Triumph Trident 660 2026: il tre cilindri cresce a 95 CV
La bella naked inglese cambia pelle per il nuovo anno: motore rivisto che guadagna 14 CV, look più grintoso e ciclistica affinata
Un cuore più potente
Triumph aggiorna la Trident 660 (e la sorellina da viaggio Tiger Sport) e lo fa partendo dal motore. Il tre cilindri da 660 cm³ viene rivisto in modo sostanziale e passa da 81 a 95 CV di potenza massima, con la coppia che si attesta a 68 Nm. L'intervento più significativo riguarda l'alimentazione: via il corpo farfallato singolo, al suo posto tre unità da 44 mm, una per cilindro. Cambia anche l'airbox, ora più grande per migliorare il flusso d'aria, mentre la testa dei cilindri viene riprogettata con valvole di scarico più larghe e profilo delle camme rivisto. Il limitatore sale a 12.650 giri, il 20% in più rispetto a prima, per un'erogazione più vivace quando si tirano le marce.
Il sound, dice la casa, resta quello caratteristico del tre cilindri, mentre lo scarico adotta un collettore 3 in 1 con silenziatore sotto la moto. Il cambio a sei rapporti ha rapportatura aggiornata e il quickshifter bidirezionale è stato ricalibrato. L'acceleratore ride-by-wire offre tre modalità di guida (Sport, Road, Rain) che agiscono su risposta del gas, ABS e controllo di trazione. La piattaforma inerziale a sei assi gestisce ABS e trazione anche in piega, e sono entrambi disattivabili. Di serie c'è il cruise control, utile nei trasferimenti più lunghi. La strumentazione vede un display TFT a colori affiancato da uno schermo LCD, con il sistema MyTriumph Connectivity di serie per navigazione turn-by-turn, gestione chiamate e musica. L'illuminazione è full LED con faro dotato di DRL.

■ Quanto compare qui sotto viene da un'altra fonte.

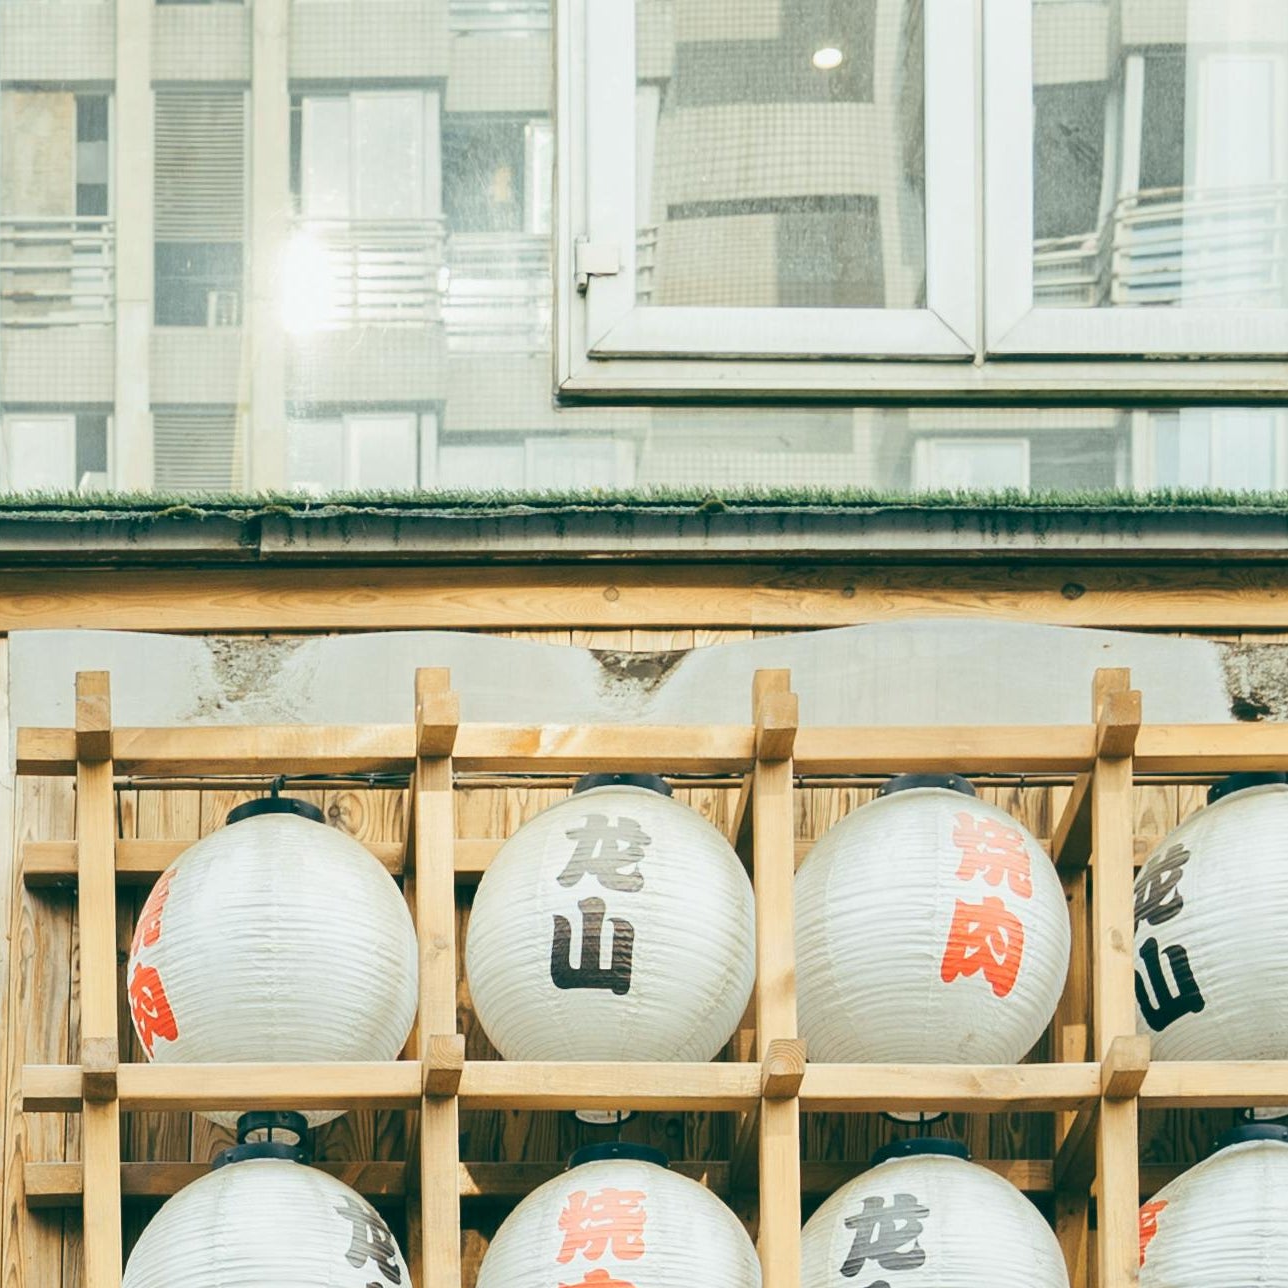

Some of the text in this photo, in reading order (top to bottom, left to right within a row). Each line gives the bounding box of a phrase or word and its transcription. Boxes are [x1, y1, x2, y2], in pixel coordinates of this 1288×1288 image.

[550, 813, 652, 996] 龙山
[939, 808, 1033, 999] 烧肉
[1134, 841, 1206, 1033] 龙山
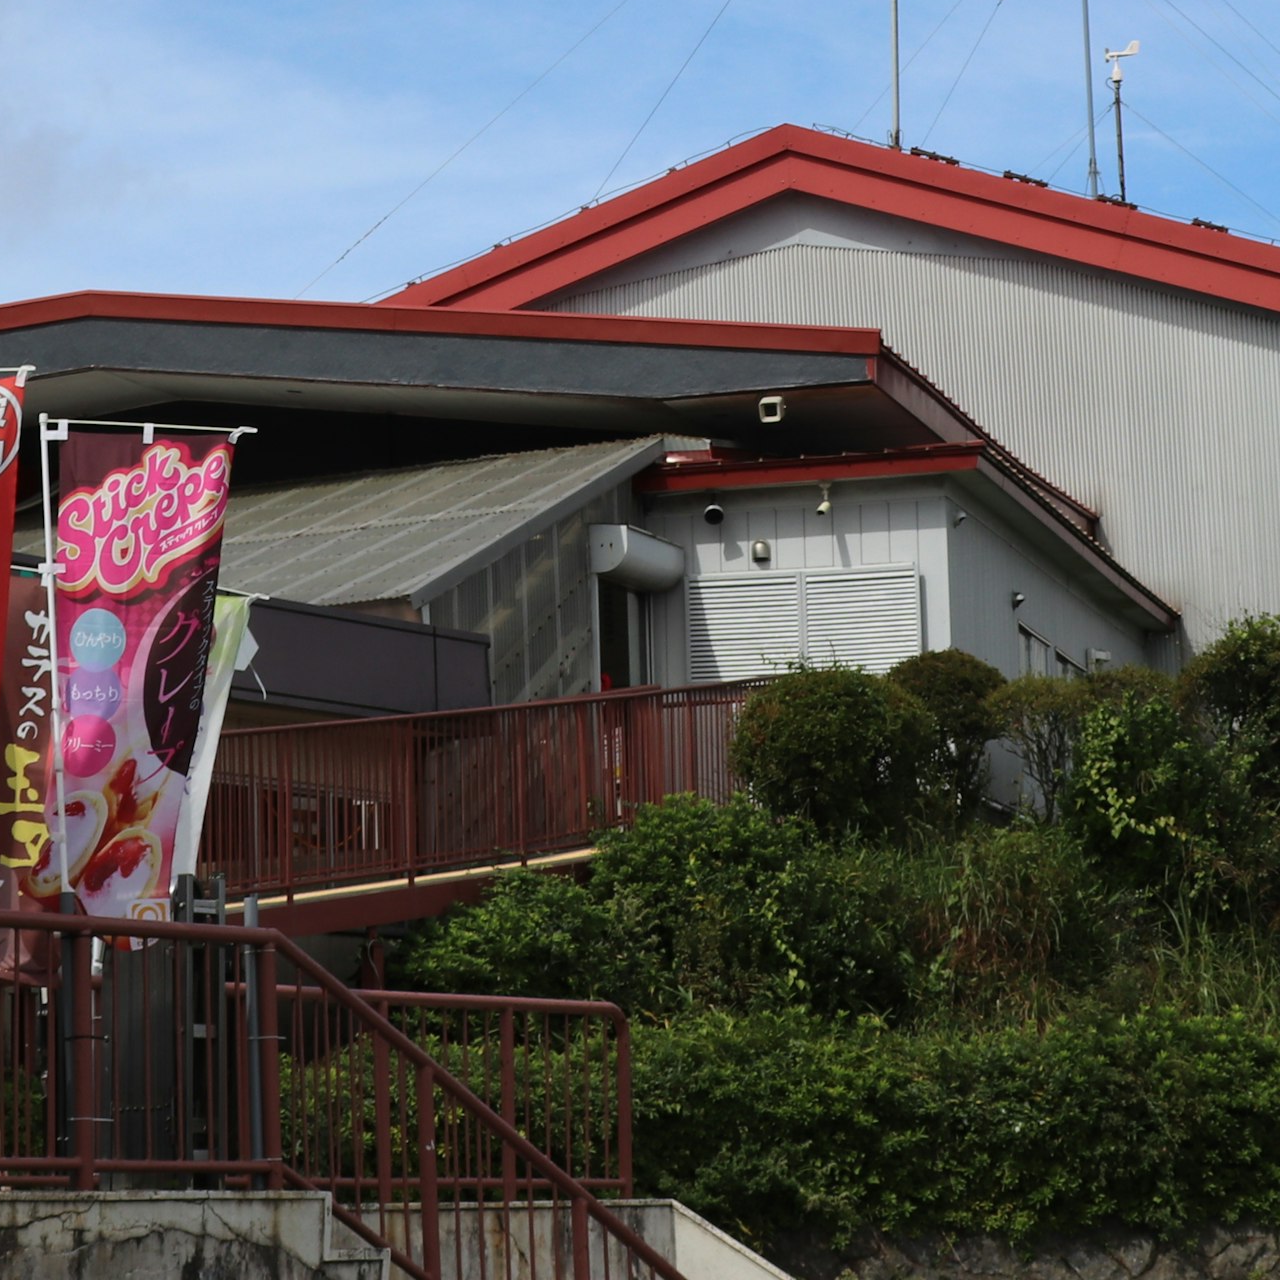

Il serbatoio ha nuove linee
Estetica e ciclistica
Il look cambia in modo significativo: il serbatoio è più largo e presenta incavi laterali più profondi per le ginocchia, mentre il frontale vede un nuovo supporto faro che aumenta la visibilità. La sella è doppia e c'è la possibilità di montarne una monoposto come optional. Tre le colorazioni disponibili: Cosmic Yellow e Stone Grey per le versioni premium, Snowdonia White per quella standard. Sul fronte ciclistica arriva un nuovo monoammortizzatore Showa con regolazioni di precarico e ritorno (130 mm di escursione), abbinato alla già nota forcella Showa a steli rovesciati da 41 mm con 120 mm di corsa. I freni prevedono doppi dischi da 310 mm con pinze Nissin a due pistoncini, mentre le gomme di primo equipaggiamento sono Michelin Road 5. Il peso in ordine di marcia è di 195 kg, l'altezza sella di 810 mm. Il prezzo parte da 8.795 euro franco concessionario, la disponibilità è prevista per marzo 2026.